Sighing as the door swung to, Trumbull said, “He’s right, Captain. That Lamenthe is smarter than most people give him credit for. I don’t know if Drew taught him that trick or he figured it out for himself, but he was within his rights. You can’t oblige another boat to go aground to suit your convenience.”
“I wish our toy cannon could sink her, then!” Woodley barked. “When’s our next chance to overtake?”
Trumbull shrugged. “Dark’s coming on,” he muttered. “It won’t be until tomorrow.”
“Thank you very much!” Woodley exclaimed, and stormed out.
Trumbull scowled after him; then concentrated—and not without success—on making up time lost by their slower coaling.
A breeze had sprung up and it was cooler now, but most of the passengers were still in the cabin, where Barber was continuing to spend lavishly on refreshments for his guests, some of whom he had never met before. Cherouen was taking full advantage.
But there was no sign of Dorcas or Eulalie.
Eventually Fernand spotted them sitting by themselves on the afterdeck. Wide-eyed, Dorcas was leaning forward across a white-painted table, hanging on the older woman’s words.
He had no chance to hear what they were talking about, though. As soon as she saw her son approaching, Eulalie jumped to her feet.
“Why, you poor boy!” she exclaimed. “You look worn out! You can’t have had any proper sleep since we left New Orleans!”
That was perfectly true, and Fernand was relieved that he wasn’t going to have to apologize for leaving them again in a few minutes. He kissed his mother perfunctorily on the cheek and embraced Dorcas—though she turned her mouth away—before slumping into a chair. To a waiter he said, “Bring me a sazerac and make it fierce! And for you?”—turning to his companions.
“Tea,” Eulalie said firmly. She had never grown used to her son drinking anything stronger than wine, and rarely did so herself. Dorcas gave a timid nod of agreement. The waiter hastened away.
“How is the race going?” Eulalie inquired after a pause.
Now was his opportunity to boast a little. Fernand gave a shrug.
“Very well, thanks to the good fortune that brought that other steamer along just at the proper moment. I was able to insist on her taking the usual downriver course, so she baffled the Nonpareil when she tried to overtake. Captain Drew was very pleased.”
“So we’re still well in the lead?” Eulalie pressed. And exchanged a secret glance with Dorcas, who smiled broadly.
It dawned on Fernand that something was amiss. Had these two actually not realized that the Nonpareil was trying to pass?
He put the question in so many words. For a few seconds they hesitated; then Eulalie said, “Well, we have been keeping to ourselves.”
“Nobody else told you?” Fernand demanded.
“As I said, we’ve been keeping to ourselves.”

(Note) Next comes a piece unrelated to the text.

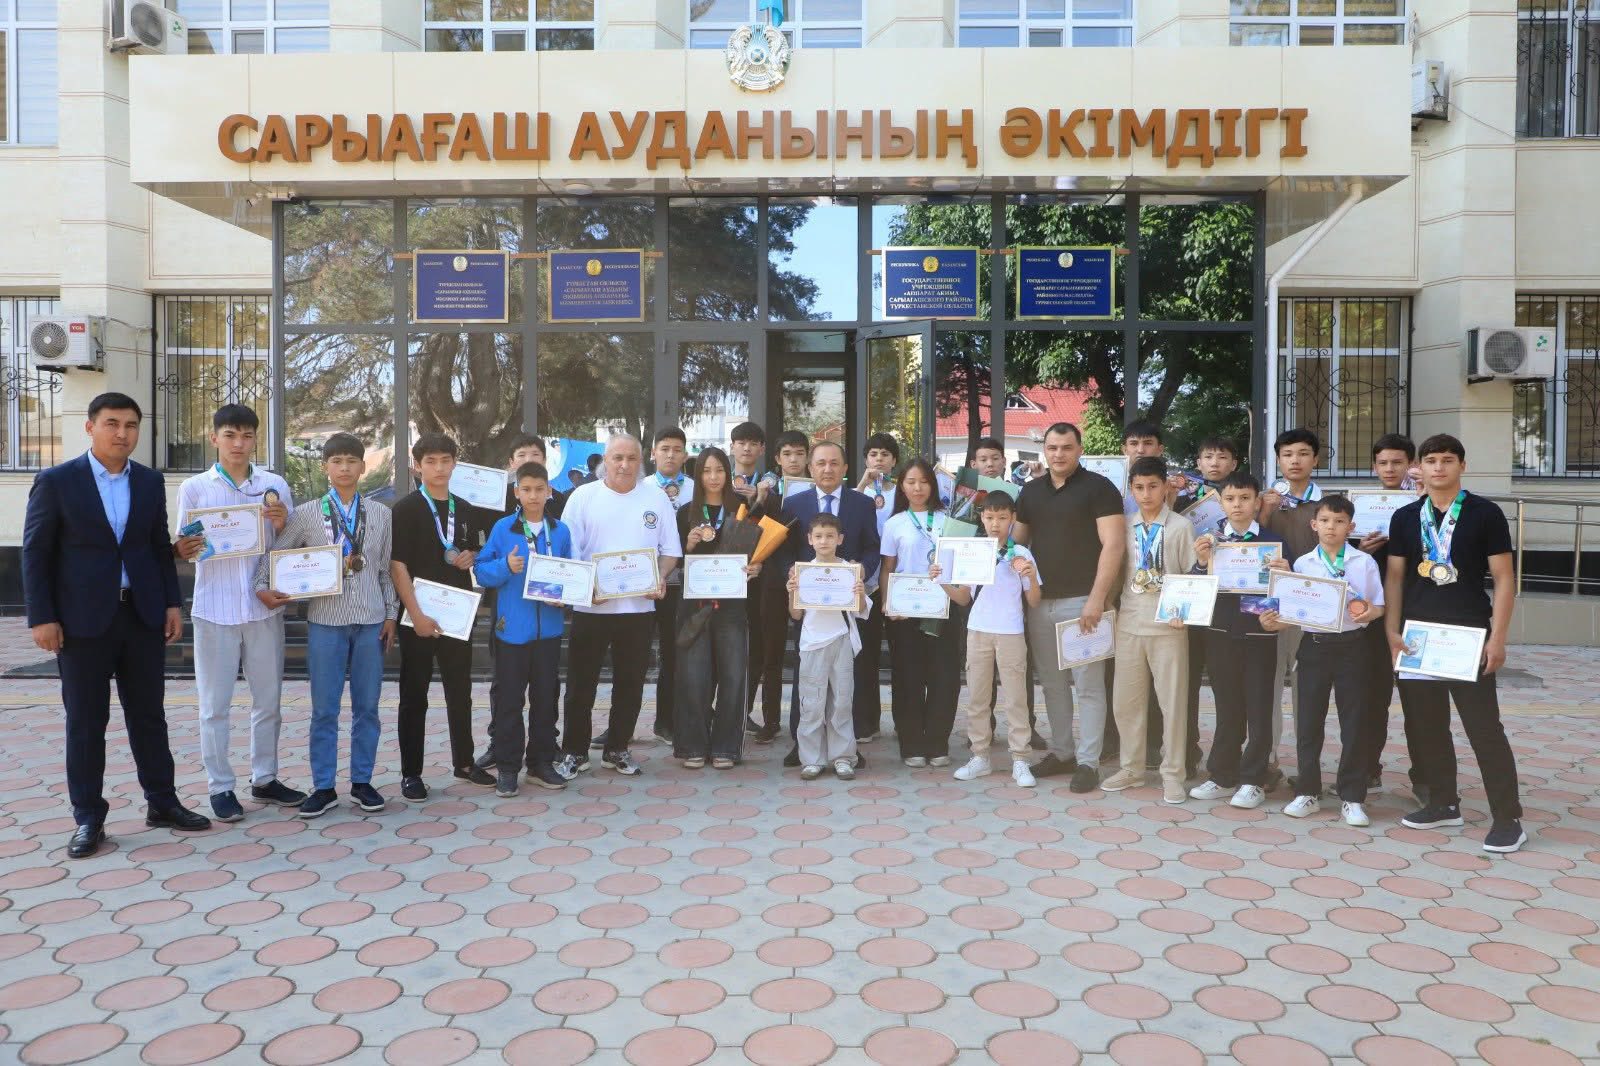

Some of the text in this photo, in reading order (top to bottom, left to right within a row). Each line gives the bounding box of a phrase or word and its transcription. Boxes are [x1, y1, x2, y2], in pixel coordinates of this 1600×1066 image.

[217, 107, 1309, 170] САРЫАҒАШ АУДАНЫНЫҢ ӘКІМДІГІ

Fernand glanced along the deck, anger burgeoning in his mind. How dare these people ostracize his mother and his wife-to-be when the outcome of the race, and the winning of their bets, depended on him?
But Eulalie laid a hand on his. “We’re getting properly acquainted—we don’t mind in the least. Do we, Dorcas, my dear?”
“Not at all!” Dorcas declared. “I only wish you’d introduced me to your mother sooner, Fernand. She’s perfectly charming!”
Some of the time, he glossed grayly. But he was too weary to argue. When the waiter returned, he gulped his cocktail and rose.
“Do please forgive me! I have to be back on duty in”—he checked his watch—“three and a half hours, and I need some rest.”
“Are you getting enough to eat?” Eulalie inquired solicitously.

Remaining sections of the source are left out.